> [WHAT TO DO] Make an exact copy of the records below, excluding images.

> [SUPPLIED ENTRIES]
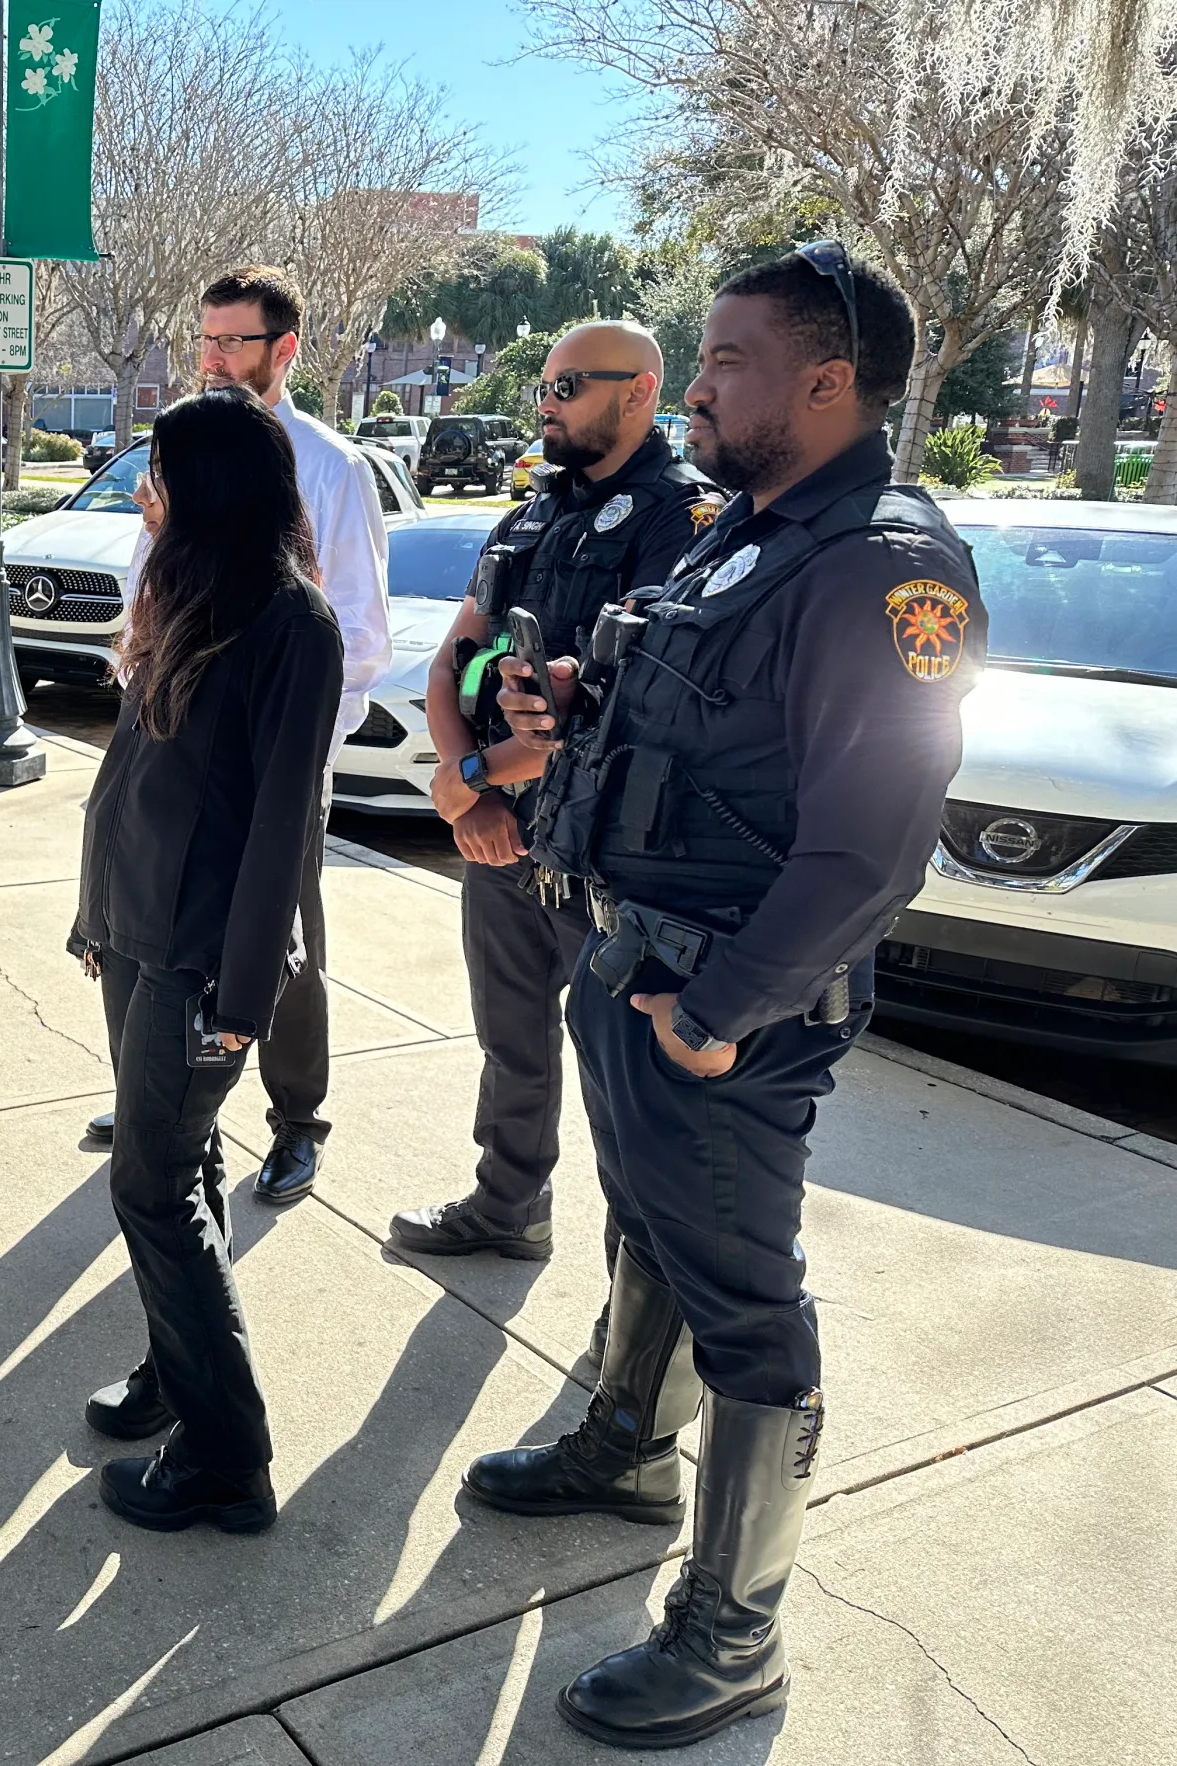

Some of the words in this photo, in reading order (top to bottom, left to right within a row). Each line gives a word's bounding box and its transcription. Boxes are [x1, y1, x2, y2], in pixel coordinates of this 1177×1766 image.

[3, 327, 28, 339] STREET
[9, 344, 27, 357] 8PM
[889, 583, 926, 605] WINTER
[926, 583, 965, 610] GARDEN
[907, 651, 951, 680] POLICE
[985, 833, 1035, 847] NISSAN

> [SOLUTION TO THE EXERCISE]
Some of the words in this photo, in reading order (top to bottom, left to right within a row). Each line gives a word's bounding box and its transcription. Boxes are [x1, y1, x2, y2], in pixel coordinates of this 1177×1766 image.

[3, 327, 28, 339] STREET
[9, 344, 27, 357] 8PM
[889, 583, 926, 605] WINTER
[926, 583, 965, 610] GARDEN
[907, 651, 951, 680] POLICE
[985, 833, 1035, 847] NISSAN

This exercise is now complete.